US army overwhelmed by Manning leaks

Judge hears first of 20 witnesses in long sentencing phase of court martial of WikiLeaks whistleblower.

US-COURT-WIKILEAKS-MANNING
Manning is due to hear his sentence on Tuesday [AFP]

The US army was overwhelmed when WikiLeaks published more than 700,000 secret diplomatic and war documents handed over by soldier Bradley Manning, a retired officer testified in the sentencing phase of the convicted private’s court-martial.

“The ones that hit us in the face were the Iraq logs,” retired Brigadier General Robert Carr said in a Forte Meade, Maryland court on Wednesday, a day after a military judge found Manning guilty of 19 charges over the leaks in 2010, the biggest breach of classified data in US history.

“No one had ever had to deal with this number of documents,” Carr said.

A prosecutor told the sentencing hearing that the leaks caused military intelligence officials to rethink how much access to allow low level intelligence analysts like Manning. 

Judge Colonel Denise Lind began hearing arguments on Wednesday on how long a sentence he should face, with the soldier’s lawyers expected to argue for leniency.

While Manning, 25, was acquitted on the most serious charge of aiding the enemy, sparing him life without parole, he could still face decades in a military prison.

Manning faces a maximum penalty of 136 years in prison.

After the verdict was announced on Tuesday, experts assessed Manning’s legal recourse.

“This case is going to be reviewed automatically, and will likely be in the appeals process for several years,” Yale military law professor Eugene Fidell told Al Jazeera.

Manning “would have a very good appellate argument if convicted of aiding the enemy,” he said, adding that he “wouldn’t speculate, for the time being, on what [Manning’s] arguments would be”.

The American Civil Liberties Union called Tuesday’s decision a gesture to scare future whistleblowers.

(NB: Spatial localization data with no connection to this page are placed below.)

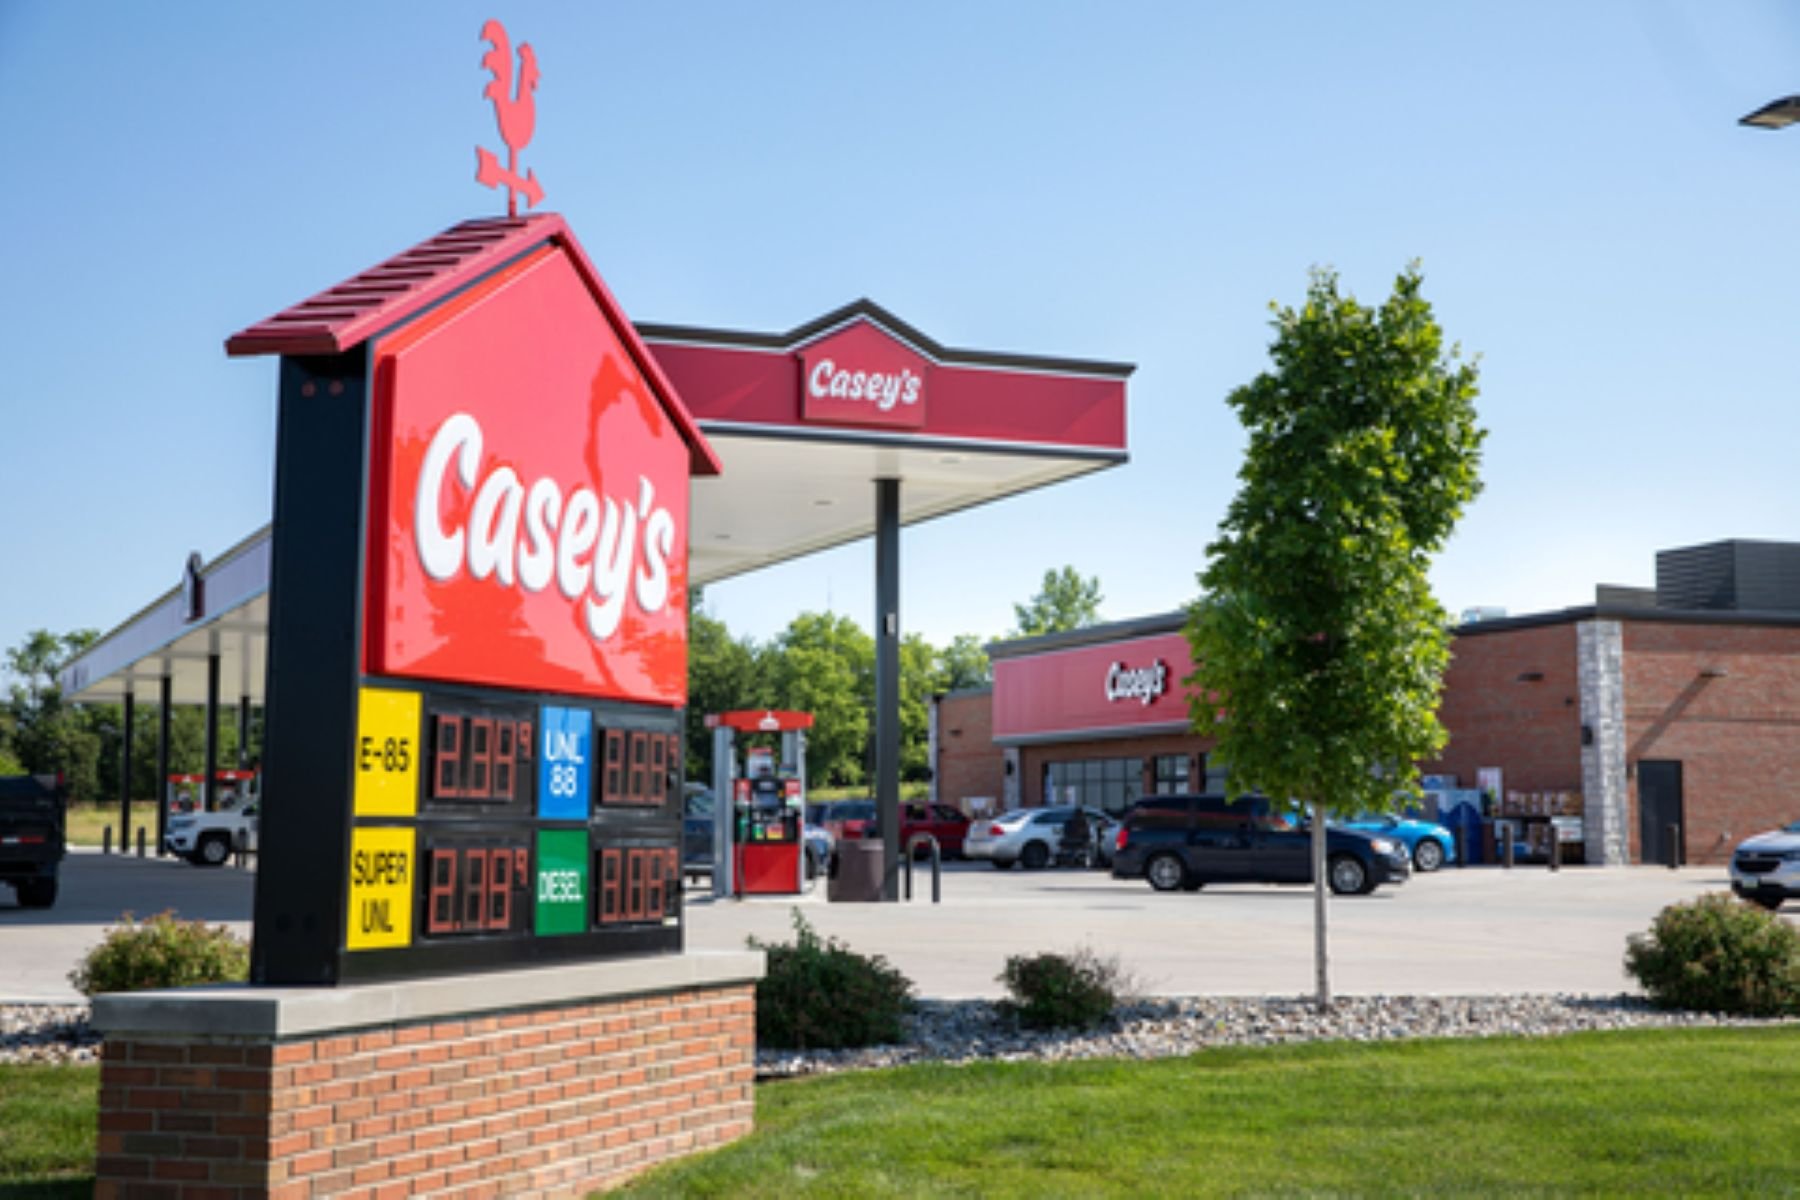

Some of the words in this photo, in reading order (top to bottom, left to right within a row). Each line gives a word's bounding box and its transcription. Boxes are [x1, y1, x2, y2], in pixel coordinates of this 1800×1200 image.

[809, 359, 921, 411] Casey's
[415, 412, 675, 640] Casey's
[361, 737, 409, 771] E-85
[545, 729, 584, 764] UNL
[550, 764, 577, 798] 88
[352, 850, 408, 886] SUPER
[538, 871, 584, 903] DIESEL
[361, 899, 394, 933] UNL

“Since Manning already pleaded guilty to charges of leaking information – which carry significant punishment – it seems clear that the government was seeking to intimidate anyone who might consider revealing valuable information in the future,” the ACLU said in a statement emailed to Al Jazeera.

‘Dangerous precedent’

Meanwhile, Julian Assange, whose WikiLeaks organisation revealed Manning’s data dump to the world, reacted negatively to the verdict.

“It is a dangerous precedent and an example of national security extremism,” he told reporters at the Ecuadorean Embassy in London, which is sheltering him. “This has never been a fair trial.”

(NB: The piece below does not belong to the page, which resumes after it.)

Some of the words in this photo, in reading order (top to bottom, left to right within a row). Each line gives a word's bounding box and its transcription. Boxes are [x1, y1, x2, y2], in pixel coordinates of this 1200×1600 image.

Judge Lind’s verdict follows about two months of testimony and evidence. Manning, a 25-year-old native of Oklahoma, admitted to sending more than 470,000 Iraq and Afghanistan battlefield reports, 250,000 State Department diplomatic cables and other material, including several battlefield video clips, to WikiLeaks while in Iraq in early 2010. WikiLeaks published most of the material online.

The video elements included footage of a 2007 US Apache helicopter attack in Baghdad that killed at least nine men, including a Reuters news photographer and his driver.

The WikiLeaks case is by far the most voluminous release of classified material in US history.

Manning said he sent the material to expose war crimes and deceitful foreign policy and that he didn’t believe the information he handed over would harm troops in Afghanistan and Iraq or threaten national security.